JP Chevènement dénonce la situation en Libye.
Une parole forte à découvrir !
Un interventionnisme expéditif, improvisé et incohérent - pour Chevènement
Lors du débat de politique étrangère du Sénat, le 7 février, Jean-Pierre Chevènement a mis en évidence les incertitudes et les risques de dégradation des situations en Libye et en Syrie, avec des conséquences sur la rivalité entre l’Iran et l’Arabie Séoudite. Le sénateur semble ne pas croire qu’il s’agit bien de la politique d’Alain Juppé, soupçonnant (sans le dire) l’empreinte du président de la République.

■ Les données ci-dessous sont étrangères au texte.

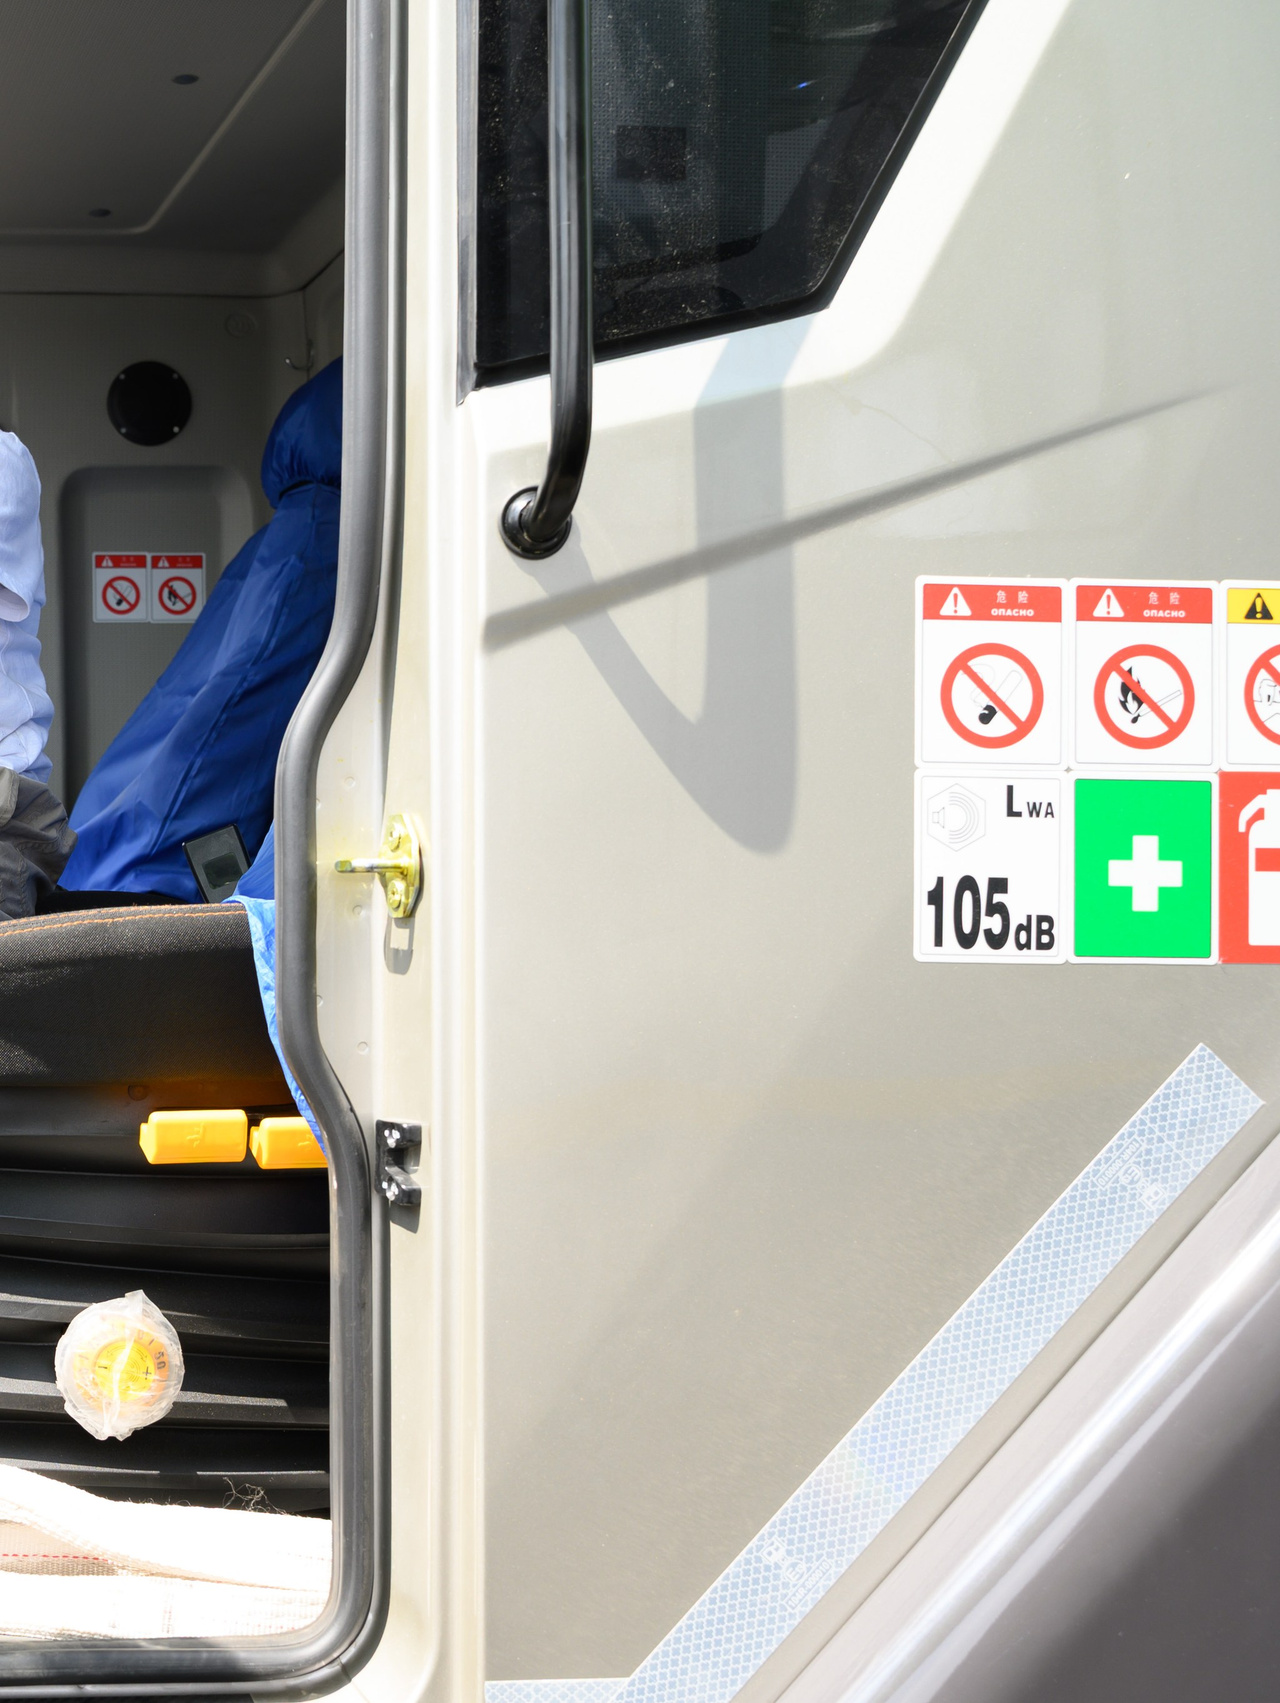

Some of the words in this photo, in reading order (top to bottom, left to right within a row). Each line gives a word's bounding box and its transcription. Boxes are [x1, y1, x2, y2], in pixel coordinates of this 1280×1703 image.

[996, 590, 1029, 604] 危险
[1148, 591, 1180, 606] 危险
[991, 608, 1034, 618] ОПАСНО
[1143, 609, 1186, 619] ОПАСНО

Par rapport à sa précédente intervention (voir Libye et Afghanistan : les sages conseils du sénateur Chevènement - 15 juillet 2011), la tonalité est plus critique. Jugez-en par sa conclusion, que voici :
Cette politique porte la marque d’une improvisation et d’une incohérence qui ne vous ressemble pas. Il serait temps que la France revienne à une politique à la fois plus réaliste et plus proche des principes qui sont traditionnellement les siens : refus de l’ingérence, respect de l’autodétermination des peuples et protection égale de tous. Un certaine retenue accompagnée d’un effort lucide d’impartialité et d’objectivité, seraient plus conformes à nos intérêts qu’une diplomatie qui semble puiser son inspiration dans une forme d’interventionnisme expéditif, proche de celui pratiqué en 2003 par les néoconservateurs américains beaucoup plus que dans la tradition réaliste de notre politique étrangère dont nous pensions qu’elle était aussi la vôtre.

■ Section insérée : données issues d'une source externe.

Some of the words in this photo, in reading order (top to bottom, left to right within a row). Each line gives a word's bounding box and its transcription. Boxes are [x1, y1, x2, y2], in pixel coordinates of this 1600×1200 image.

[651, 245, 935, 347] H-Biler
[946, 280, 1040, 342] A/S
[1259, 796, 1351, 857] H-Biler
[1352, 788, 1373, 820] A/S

Lire le reste de l’intervention : Notre politique étrangère porte la marque d’une improvisation et d’une incohérence
Monsieur le Ministre d’Etat,
Je souhaite attirer votre attention sur la situation passablement chaotique qui se développe en Libye depuis la chute de Mouamar Khadafi :
Arrestations arbitraires, actes de torture relevés par des organisations humanitaires comme Amnesty International ou Human Rights Watch, comme ceux qui ont laissé mort l’ancien ambassadeur libyen à Paris, M. Brebech à Zentane, le 20 janvier 2012, ville où par ailleurs se trouve détenu Saïf Islam Kadhafi, traitement racistes de travailleurs africains, heurts armés, ainsi dans la ville de Beni Oulid, où un « Conseil des Anciens » issu de la tribu des Warfalla semble désormais s’être affranchi du gouvernement de transition, développement des féodalités locales fragmentant le pays, dissémination d’armes dans la bande sahélienne, avec les menaces qui recommencent à peser sur le Mali, le Niger, le Tchad, dissensions enfin à l’intérieur du Conseil National de Transition qui vient d’adopter une loi électorale fondée sur un système de listes pour élire la prochaine assemblée constituante. Or ce système de listes adopté sous la pression des Frères musulmans ne peut évidemment que leur profiter. Le CNT a aussi décidé de faire de la charia la source principale du droit et d’autoriser à nouveau la polygamie que la Libye était avec la Tunisie le seul pays arabe à avoir aboli.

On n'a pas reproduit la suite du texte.